• [DIRECTIONS FOR THIS TASK]
Please reproduce all of the data exactly as it appears, but skip the pictures.

• [ENTRIES SHOWN]
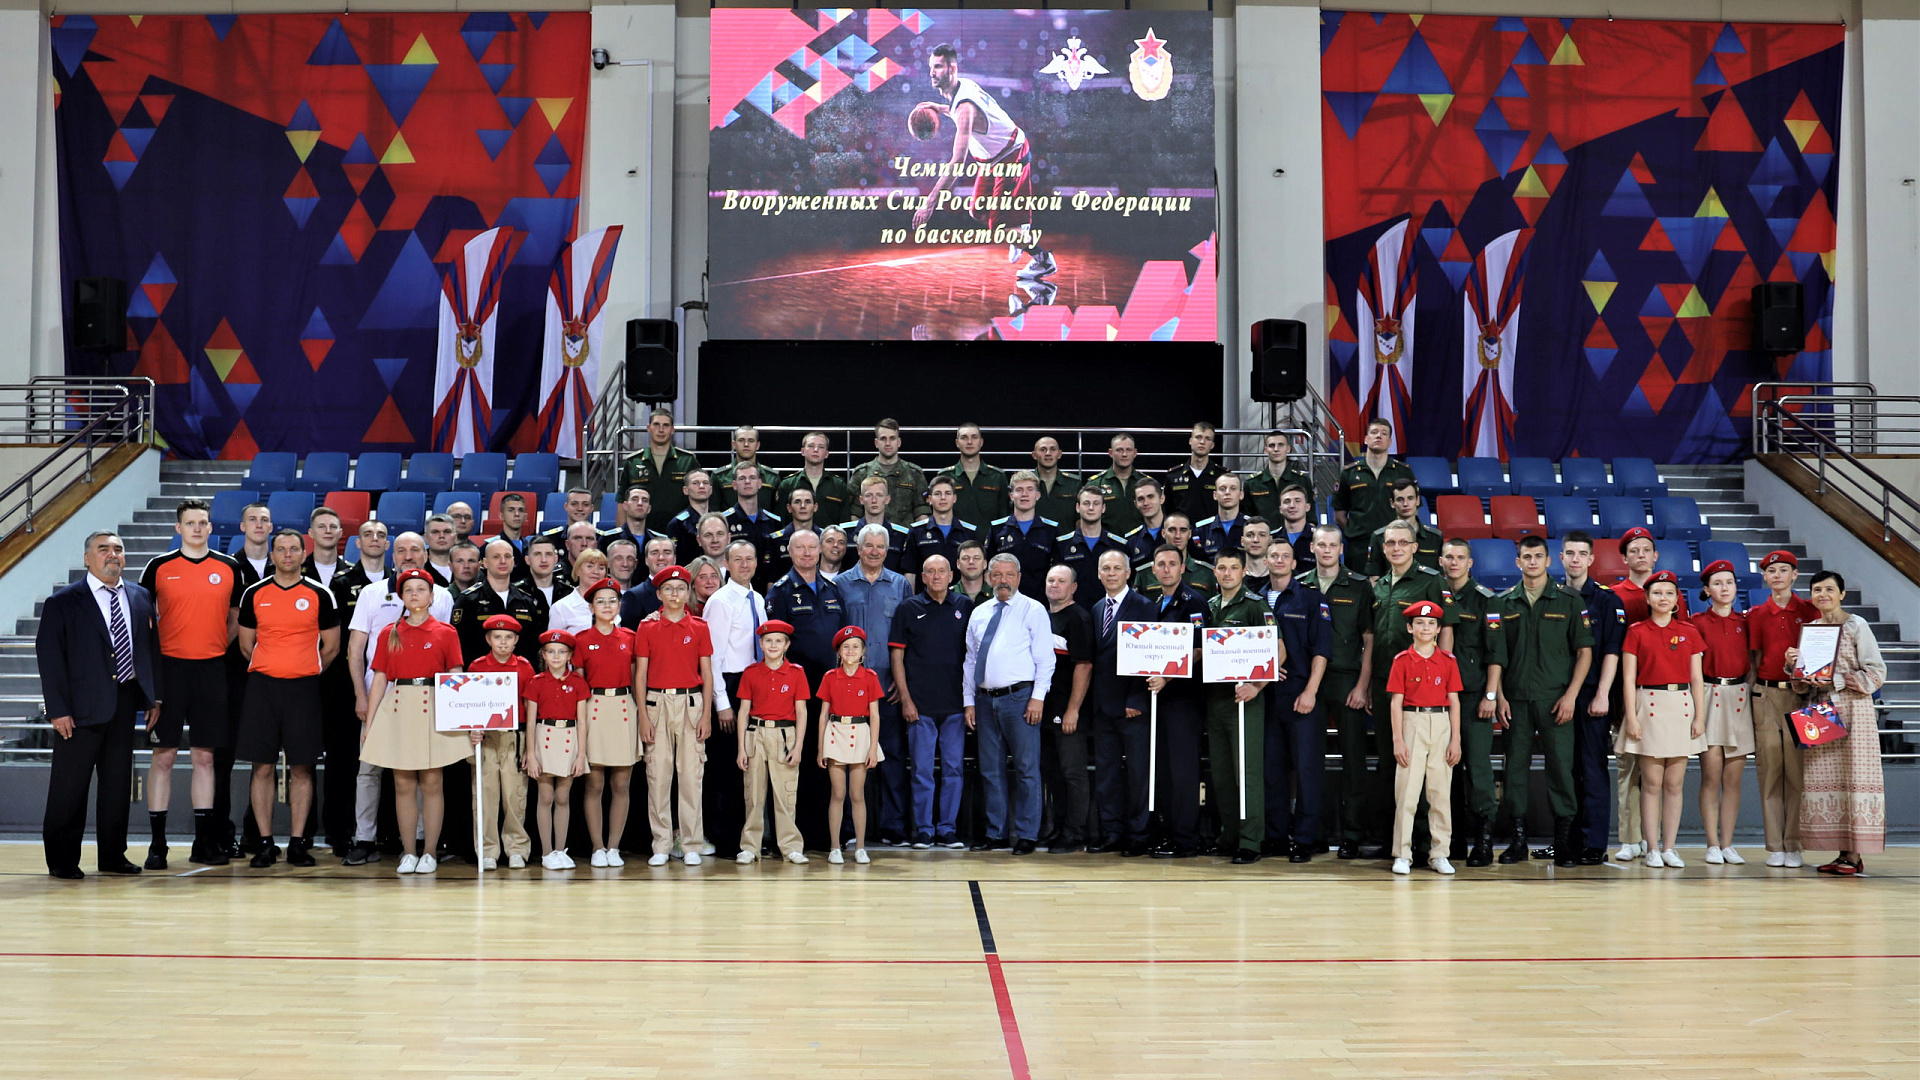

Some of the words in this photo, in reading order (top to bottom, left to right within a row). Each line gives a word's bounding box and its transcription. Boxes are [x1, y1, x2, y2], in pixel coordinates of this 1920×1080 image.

[893, 155, 1024, 180] Чемпионат
[722, 189, 879, 215] Вооруженных
[886, 190, 928, 213] Сил
[935, 188, 1062, 213] Российской
[1070, 189, 1192, 216] Федерации
[880, 226, 908, 245] по
[915, 223, 1042, 248] баскетболу
[1125, 642, 1153, 650] Южный
[448, 700, 486, 709] Северный
[488, 700, 505, 709] флот
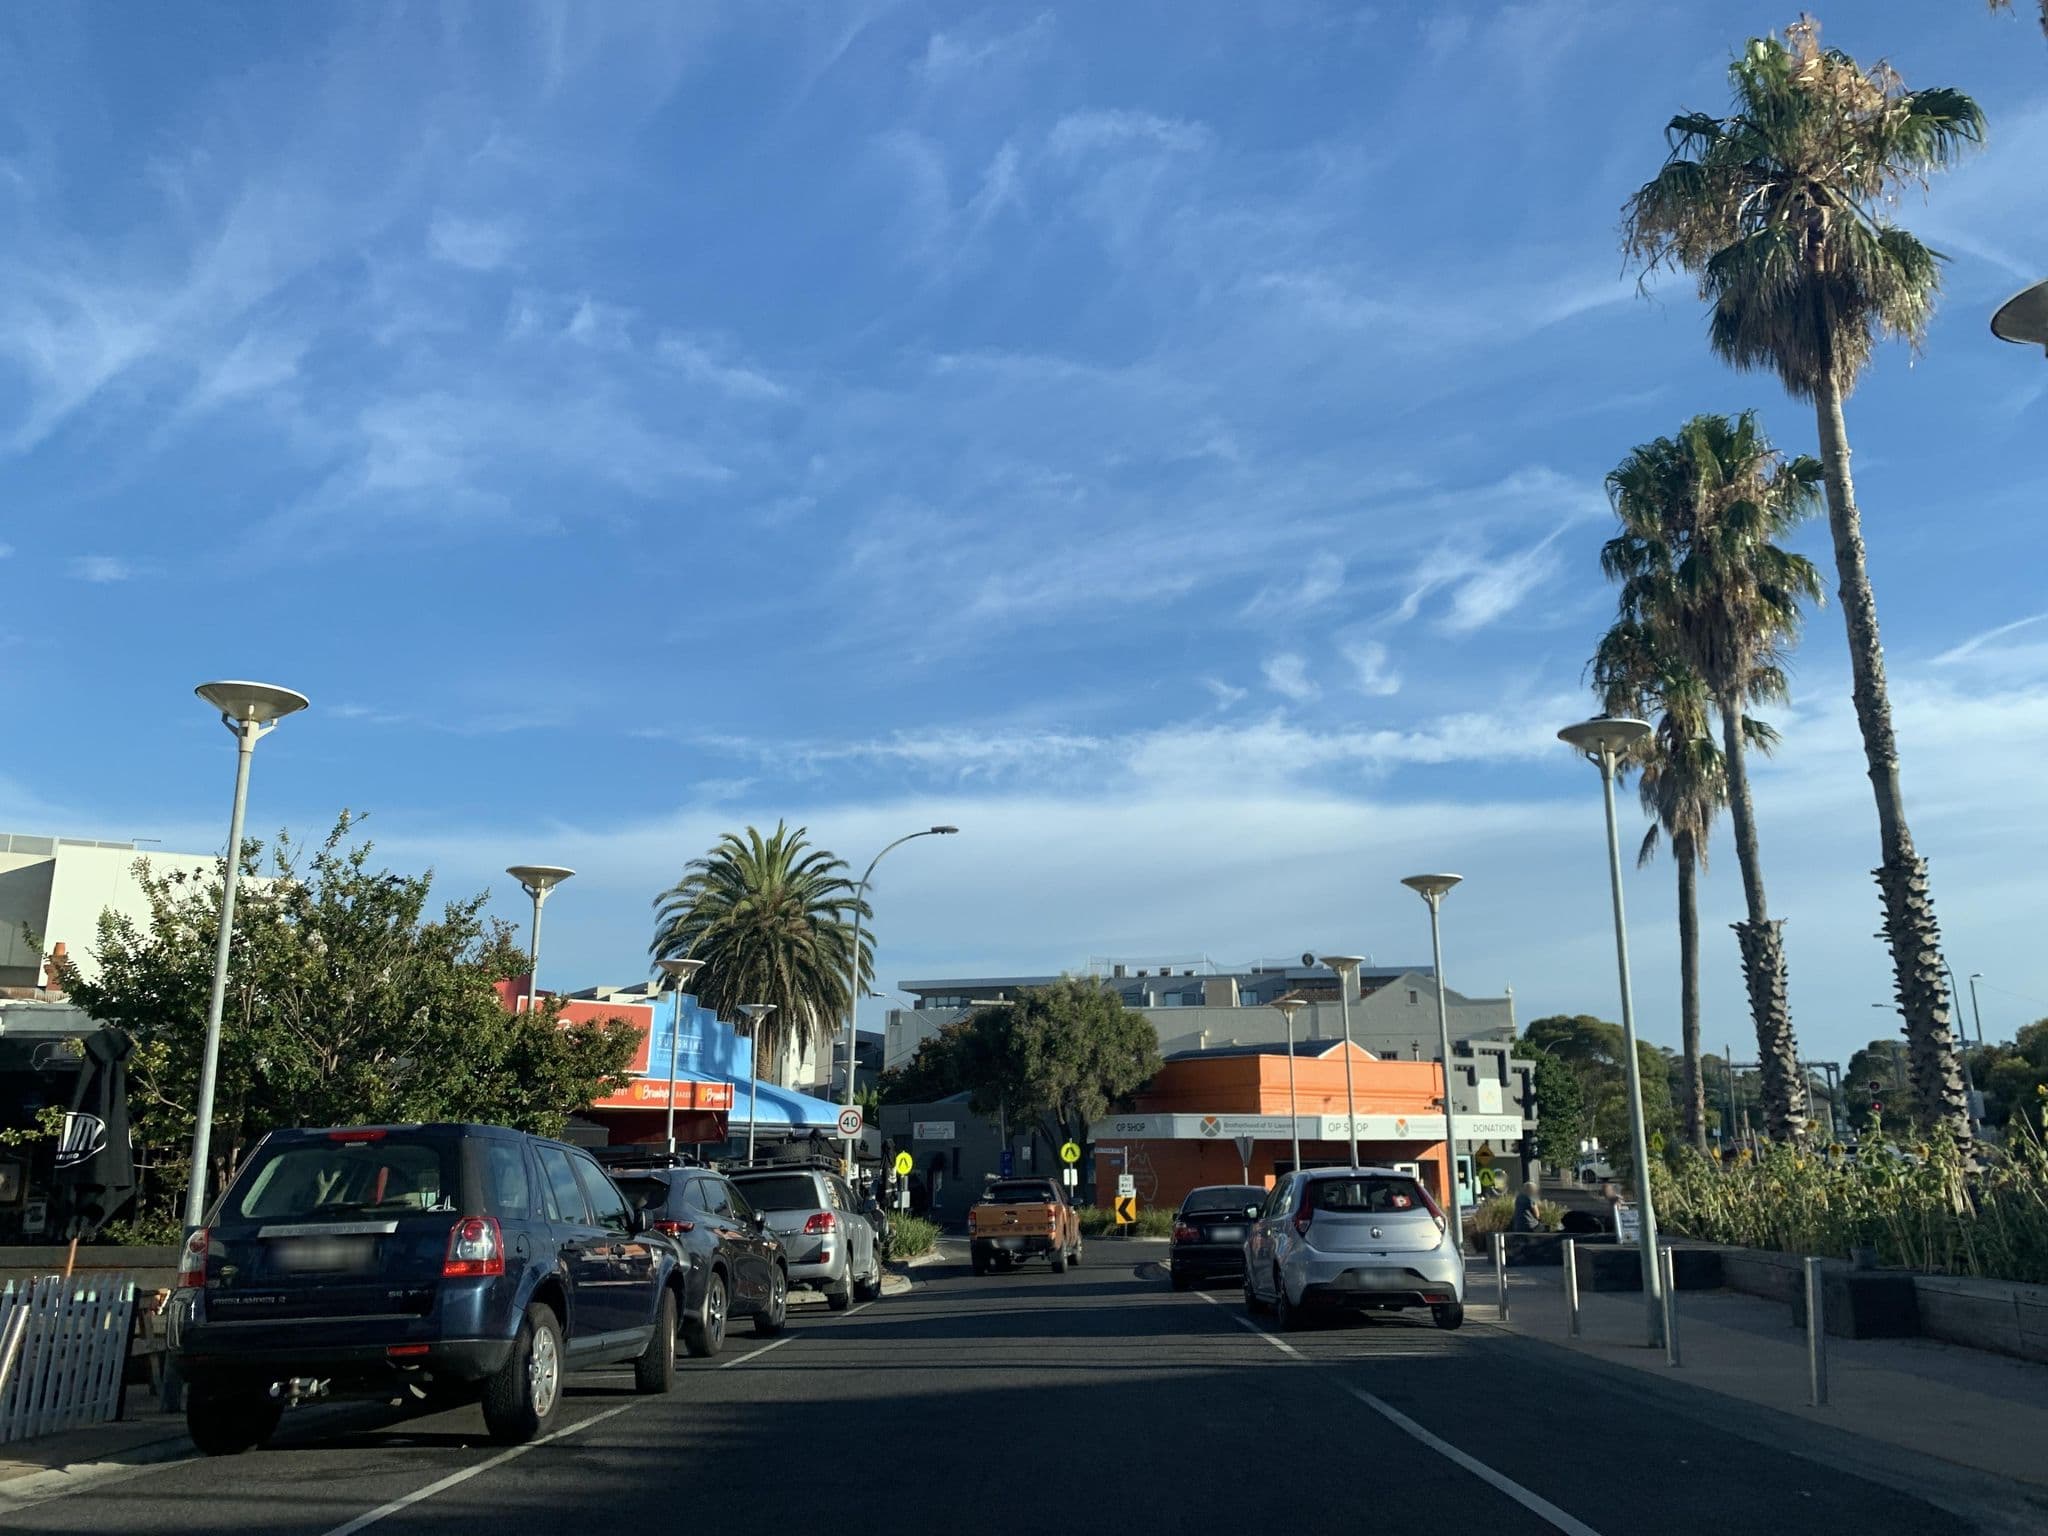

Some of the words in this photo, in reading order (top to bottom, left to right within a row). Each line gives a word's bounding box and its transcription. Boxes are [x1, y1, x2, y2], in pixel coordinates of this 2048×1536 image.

• [TASK RESPONSE]
Some of the words in this photo, in reading order (top to bottom, left to right within a row). Each line gives a word's bounding box and its transcription. Boxes are [x1, y1, x2, y2], in pixel coordinates of this 1920×1080 image.

[893, 155, 1024, 180] Чемпионат
[722, 189, 879, 215] Вооруженных
[886, 190, 928, 213] Сил
[935, 188, 1062, 213] Российской
[1070, 189, 1192, 216] Федерации
[880, 226, 908, 245] по
[915, 223, 1042, 248] баскетболу
[1125, 642, 1153, 650] Южный
[448, 700, 486, 709] Северный
[488, 700, 505, 709] флот

Some of the words in this photo, in reading order (top to bottom, left to right within a row). Each line gives a word's bounding box and its transcription. Boxes are [x1, y1, x2, y2], in pixel coordinates of this 2048×1536 image.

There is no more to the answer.